Gözleri saygıyla dolan sarı cübbeli adam başını aşağı yukarı salladı. İleri doğru adım attı ve mor cübbeli adamın yanına oturdu. İkinci Kardeş Huang ve diğerleri saygıyla ellerini kenetlediler ve selam verdiler. Meng Hao’yu tamamen görmezden gelerek gidip oturdular.



Hiç kimse konuşmuyordu ve Meng Hao orada tek başına dikiliyordu, yüzünde garip bir ifade vardı.



İri yarı, mor cübbeli adam ressama baktı ve konuştu: “Bizim şöyle iyi bir resmimizi çiz, duydun mu beni? Eğer başarırsan sana sıkıntı çıkarmayacağım.” Adamın sakin sözlerini duyan kambur, beyaz saçlı adam titredi ve başını aşağı yukarı salladı.



İkinci Kardeş, son zamanlarda cidden kendimi huzursuz hissediyorum. Işınlanma portalını kontrol etmeyi unutma. Eğer bir problem olursa hemen buradan gideceğiz. Üçüncü ve Dördüncü Kardeşler, siz de iyi dinleyin. Dışarı çıkmayın!” Mor cübbeli adamın her bir kelimesi diğerlerinin başını aşağı yukarı sallamasına neden oluyordu. Artık kimse Meng Hao ile ilgilenmiyordu. Meng Hao olduğu yerde acemice duruyordu. Düşüncesine göre iri yarı adam ona en azından bir baş selamı vermeliydi. En sonunda kuru bir öksürük sesi çıkarttı.



Adamlar bunu yine görmezden gelerek konuşmaya devam ettiler. Mor cübbeli adam ona bakacak gibi durmuyordu. Sarı cübbeli adam da dahil diğerleri de onun bulunduğu tarafa bakmıyorlardı.



Meng Hao iç geçirdi, ardından biraz daha sesli öksürerek konuşmalarını böldü. En sonunda beş adamın bakışları onun üzerine geldi.

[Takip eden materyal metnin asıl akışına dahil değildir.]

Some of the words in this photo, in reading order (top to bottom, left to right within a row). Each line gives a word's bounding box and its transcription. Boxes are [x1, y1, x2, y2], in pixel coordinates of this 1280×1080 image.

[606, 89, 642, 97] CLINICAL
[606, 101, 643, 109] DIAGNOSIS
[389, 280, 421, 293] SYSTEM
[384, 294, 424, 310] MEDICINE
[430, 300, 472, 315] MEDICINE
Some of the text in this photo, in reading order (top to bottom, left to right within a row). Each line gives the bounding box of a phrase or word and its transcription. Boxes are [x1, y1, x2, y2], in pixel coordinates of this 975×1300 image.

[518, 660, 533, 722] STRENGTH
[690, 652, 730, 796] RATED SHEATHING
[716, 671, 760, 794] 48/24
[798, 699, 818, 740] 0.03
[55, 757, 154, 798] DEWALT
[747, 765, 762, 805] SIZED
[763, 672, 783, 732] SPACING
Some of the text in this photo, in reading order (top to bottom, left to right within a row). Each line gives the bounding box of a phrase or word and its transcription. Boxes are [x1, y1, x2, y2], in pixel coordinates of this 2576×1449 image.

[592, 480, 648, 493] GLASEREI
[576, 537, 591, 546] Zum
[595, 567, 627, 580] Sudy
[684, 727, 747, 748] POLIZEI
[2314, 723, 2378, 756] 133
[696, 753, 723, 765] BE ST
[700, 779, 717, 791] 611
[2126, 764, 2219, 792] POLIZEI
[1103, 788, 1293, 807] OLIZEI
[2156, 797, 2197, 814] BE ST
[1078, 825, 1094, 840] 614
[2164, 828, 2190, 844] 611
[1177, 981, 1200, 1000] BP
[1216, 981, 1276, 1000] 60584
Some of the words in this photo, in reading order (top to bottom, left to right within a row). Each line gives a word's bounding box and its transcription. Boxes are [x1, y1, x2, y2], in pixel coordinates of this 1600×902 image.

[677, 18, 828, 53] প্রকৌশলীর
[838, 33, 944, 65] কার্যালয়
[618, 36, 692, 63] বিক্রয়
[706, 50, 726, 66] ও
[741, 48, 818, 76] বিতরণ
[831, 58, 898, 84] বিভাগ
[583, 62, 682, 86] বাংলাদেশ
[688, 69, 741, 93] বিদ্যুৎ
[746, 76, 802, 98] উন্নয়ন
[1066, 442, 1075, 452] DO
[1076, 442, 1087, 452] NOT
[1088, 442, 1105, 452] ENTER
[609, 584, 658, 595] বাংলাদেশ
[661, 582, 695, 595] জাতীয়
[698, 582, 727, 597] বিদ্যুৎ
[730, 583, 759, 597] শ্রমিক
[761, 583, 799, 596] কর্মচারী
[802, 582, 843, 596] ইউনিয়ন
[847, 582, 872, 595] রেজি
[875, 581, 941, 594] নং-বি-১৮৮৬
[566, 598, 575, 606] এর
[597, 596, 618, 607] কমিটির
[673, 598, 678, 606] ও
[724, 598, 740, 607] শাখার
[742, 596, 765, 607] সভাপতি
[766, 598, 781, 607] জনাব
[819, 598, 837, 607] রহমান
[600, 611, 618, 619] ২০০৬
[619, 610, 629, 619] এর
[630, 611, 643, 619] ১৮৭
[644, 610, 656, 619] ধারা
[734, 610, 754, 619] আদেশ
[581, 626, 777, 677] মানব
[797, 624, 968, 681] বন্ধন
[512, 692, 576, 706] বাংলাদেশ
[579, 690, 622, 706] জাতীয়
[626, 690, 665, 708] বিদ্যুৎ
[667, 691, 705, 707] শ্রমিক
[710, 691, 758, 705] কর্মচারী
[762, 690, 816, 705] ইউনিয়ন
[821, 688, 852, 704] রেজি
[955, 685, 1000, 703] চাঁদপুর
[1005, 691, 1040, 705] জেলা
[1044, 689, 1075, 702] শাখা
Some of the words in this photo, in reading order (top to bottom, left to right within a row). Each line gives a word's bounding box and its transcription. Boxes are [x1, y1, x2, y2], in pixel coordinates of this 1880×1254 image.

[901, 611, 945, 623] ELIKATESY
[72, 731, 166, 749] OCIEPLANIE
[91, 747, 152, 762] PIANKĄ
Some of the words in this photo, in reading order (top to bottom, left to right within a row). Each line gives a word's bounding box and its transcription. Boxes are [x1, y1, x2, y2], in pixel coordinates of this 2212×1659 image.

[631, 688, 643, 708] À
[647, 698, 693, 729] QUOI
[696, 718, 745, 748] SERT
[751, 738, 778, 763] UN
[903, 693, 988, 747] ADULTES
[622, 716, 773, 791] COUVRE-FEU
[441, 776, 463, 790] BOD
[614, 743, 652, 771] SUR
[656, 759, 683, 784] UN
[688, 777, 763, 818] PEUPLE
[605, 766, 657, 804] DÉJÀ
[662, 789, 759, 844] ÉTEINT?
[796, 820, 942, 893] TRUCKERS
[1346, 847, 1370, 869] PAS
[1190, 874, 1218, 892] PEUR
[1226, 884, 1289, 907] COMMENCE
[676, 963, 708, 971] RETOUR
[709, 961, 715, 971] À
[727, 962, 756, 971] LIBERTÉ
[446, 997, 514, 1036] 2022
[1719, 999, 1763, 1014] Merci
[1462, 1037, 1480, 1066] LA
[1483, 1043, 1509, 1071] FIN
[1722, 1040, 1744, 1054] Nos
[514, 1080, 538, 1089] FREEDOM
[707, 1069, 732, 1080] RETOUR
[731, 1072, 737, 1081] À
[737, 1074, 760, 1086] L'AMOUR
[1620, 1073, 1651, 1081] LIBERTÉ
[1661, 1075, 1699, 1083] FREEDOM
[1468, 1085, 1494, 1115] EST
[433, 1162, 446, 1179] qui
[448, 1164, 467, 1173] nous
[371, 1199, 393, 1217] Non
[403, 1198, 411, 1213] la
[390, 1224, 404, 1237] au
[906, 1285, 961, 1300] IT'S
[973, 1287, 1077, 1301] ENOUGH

Bu kim?” dedi mor cübbeli adam kaşlarını çatarak, sesi meşumdu.



Bu çocuğu Beşinci Kardeş dışarıdan getirdi.” dedi İkinci Kardeş Huang, bir yandan da yelpazesini sallıyordu. Ardından gülerek, “Görünüşe göre Tarikatından ilk kez dışarı çıkmış.” dedi.



Bu çocuk cidden aptal.” dedi sarı cübbeli adam bir kahkaha eşliğinde. “Depolama çantası oldukça sıra dışı görünüyordu, ben de onu konuşarak buraya getirdim. İpe sapa gelmez laflarıma kanacağı kimi aklına gelirdi ki? Onu buraya getirmeyi başardım.



Bunları duyan mor cübbeli adam Meng Hao’ya doğru baktı, ardından sakince konuştu, “Depolama çantanı ver.” İfadesi kibirliydi, Meng Hao’yu Qi Yoğunlaştırma aşamasında gördüğü için kendini ona göre çok üstün hissediyordu.



Meng Hao gülümseyerek etrafa bakındı. Gözlerindeki bakış sanki kendi evini inceliyormuş gibiydi. “Burası oldukça güzel bir Ölümsüzler Mağarası. Neden onu bana vermiyorsunuz? Oh, biraz abartılı olsa da taht da güzel. Onu da alacağım.



Mor cübbeli adam Meng Hao’ya şaşkın şaşkın bakakaldı. Üçüncü, Dördüncü ve sarı cübbeli adam ise aniden kahkahalara boğuldu. Bu kahkaha sesleri mağarada yankılanırken İkinci Kardeş Huang’ın gözleri kısıldı ve Meng Hao’ya odaklandı.



Aslında, Ölümsüzler Mağarasıyla birlikte sizi de alacağım...” dedi Meng Hao. Pis pis gülerek yürümeye başladı. Ama daha bir adım bile atamadan Üçüncü ve Dördüncü Kardeşler ileri doğru atıldılar. Onlar uzun ve iri yapılıydı, yüzlerinde vahşi bir ifade vardı. Kahkahalar eşliğinde Meng Hao’ya hücum ettiler.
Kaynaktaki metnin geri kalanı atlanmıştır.